- ABOUT THIS EXERCISE -
Each entry should be restated word for word, with all pictures left out.

- STORED DATA -
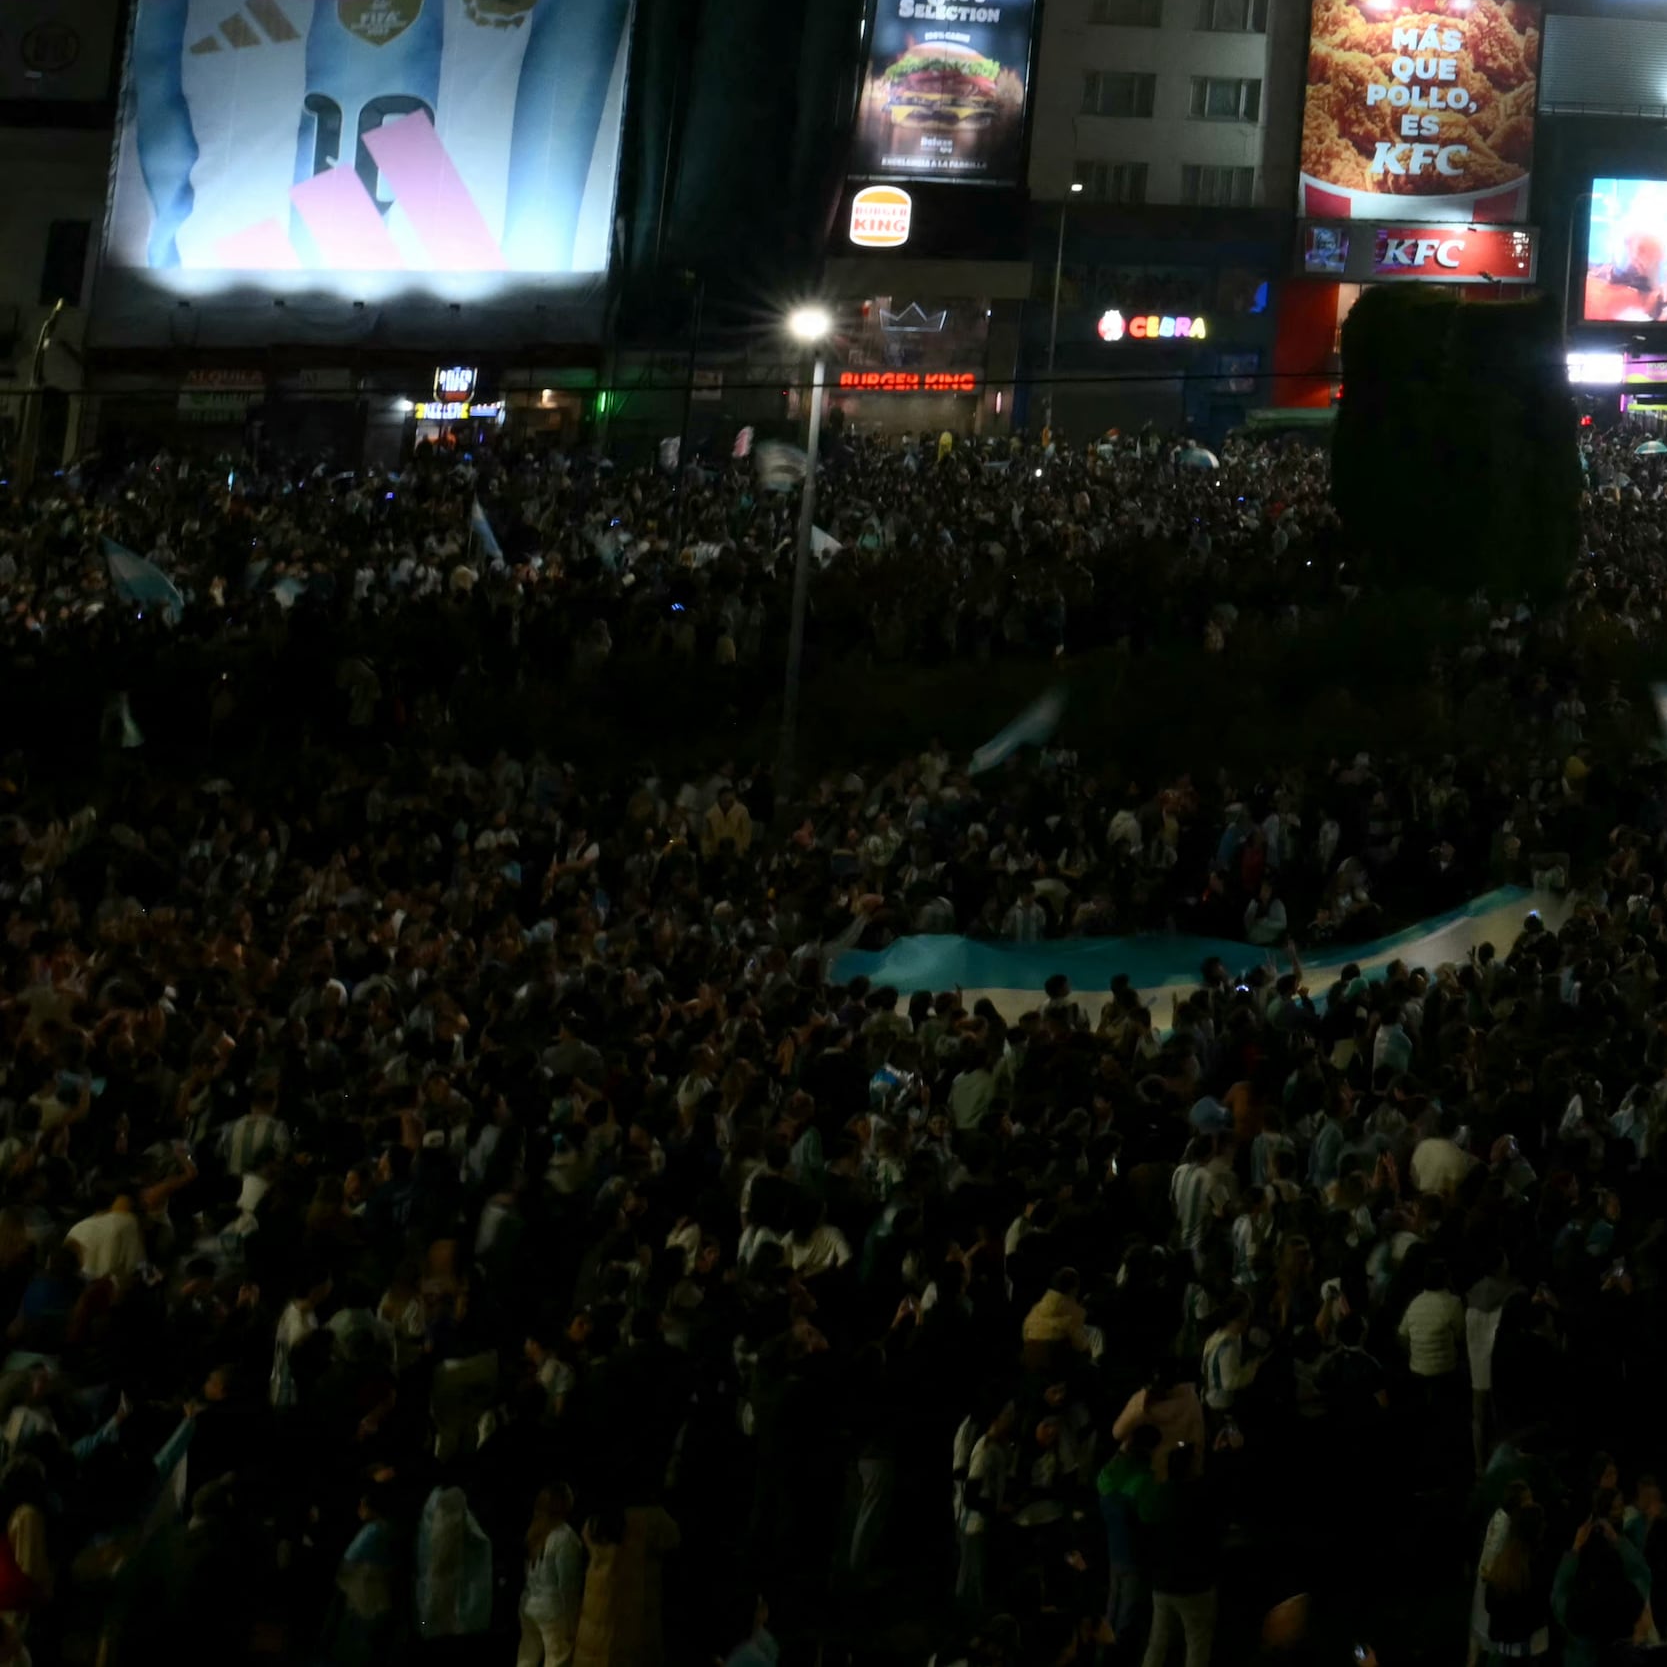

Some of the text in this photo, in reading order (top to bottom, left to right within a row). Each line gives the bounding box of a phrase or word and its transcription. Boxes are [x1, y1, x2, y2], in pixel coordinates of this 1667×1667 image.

[1392, 23, 1462, 52] MÁS
[1392, 55, 1457, 82] QUE
[1367, 85, 1477, 113] POLLO,
[1401, 114, 1440, 136] ES
[1370, 142, 1469, 176] KFC
[855, 206, 908, 217] BURGER
[853, 218, 906, 232] KING
[1381, 239, 1465, 268] KFC
[1129, 316, 1206, 339] CEBRA
[840, 372, 976, 392] BURGER KING
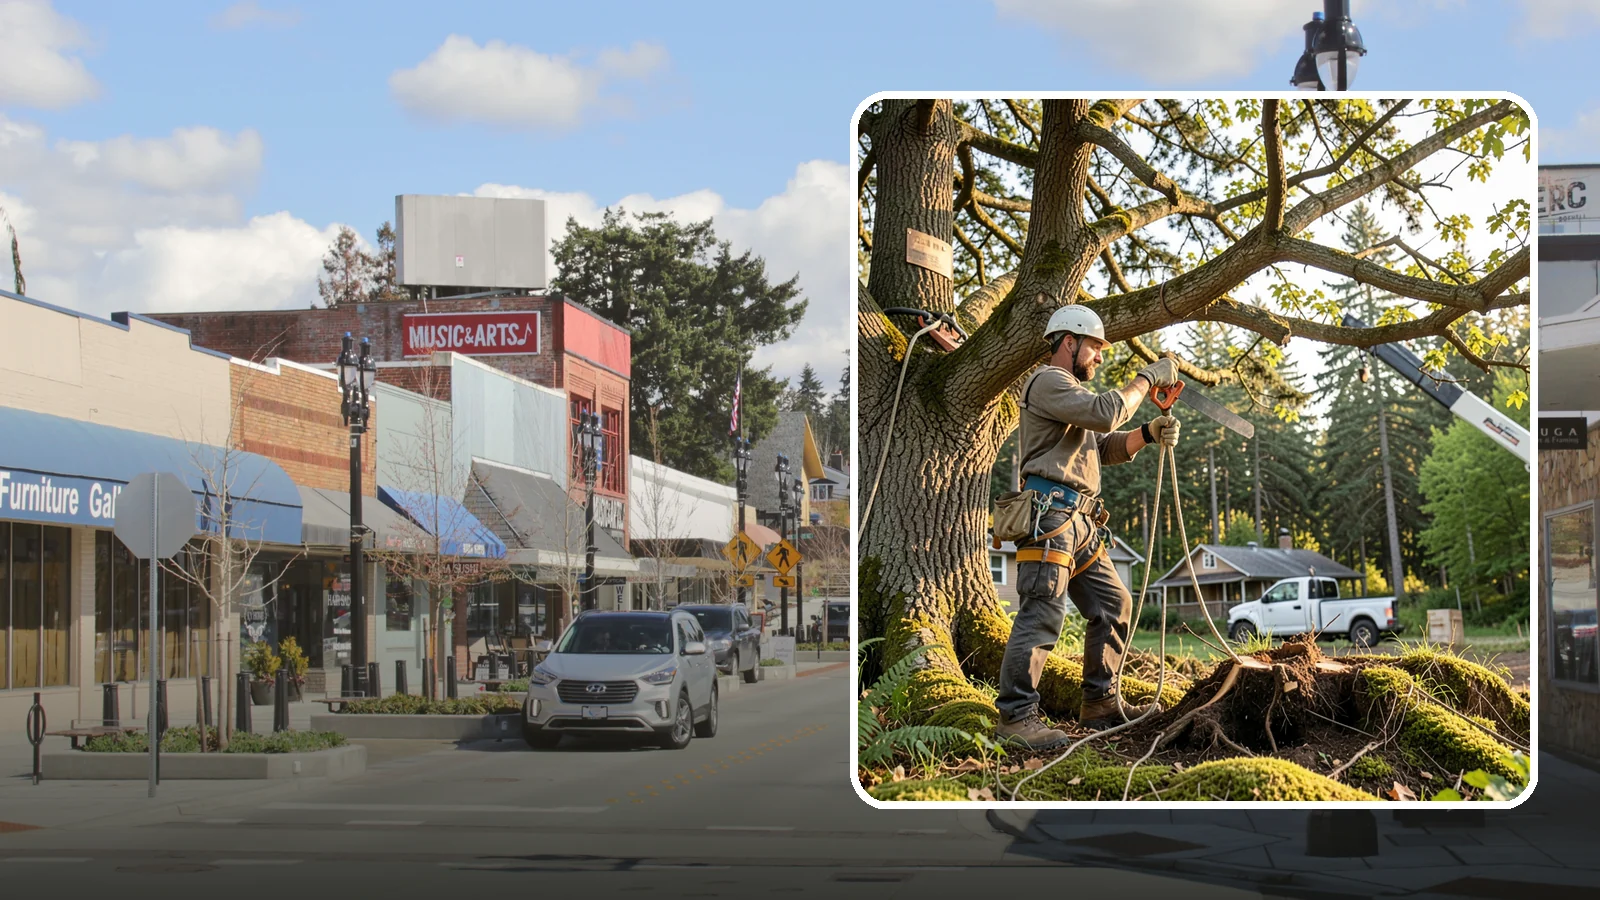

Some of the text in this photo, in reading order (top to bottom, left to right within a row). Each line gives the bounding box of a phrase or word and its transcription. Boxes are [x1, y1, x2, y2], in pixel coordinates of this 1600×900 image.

- RESPONSE TO THIS TASK -
Some of the text in this photo, in reading order (top to bottom, left to right within a row). Each line gives the bounding box of a phrase or word and its transcription. Boxes are [x1, y1, x2, y2], in pixel coordinates of this 1667×1667 image.

[1392, 23, 1462, 52] MÁS
[1392, 55, 1457, 82] QUE
[1367, 85, 1477, 113] POLLO,
[1401, 114, 1440, 136] ES
[1370, 142, 1469, 176] KFC
[855, 206, 908, 217] BURGER
[853, 218, 906, 232] KING
[1381, 239, 1465, 268] KFC
[1129, 316, 1206, 339] CEBRA
[840, 372, 976, 392] BURGER KING

Some of the text in this photo, in reading order (top to bottom, left to right within a row). Each line gives the bounding box of a phrase or word and its transcription. Boxes are [x1, y1, x2, y2], in pixel coordinates of this 1600×900 image.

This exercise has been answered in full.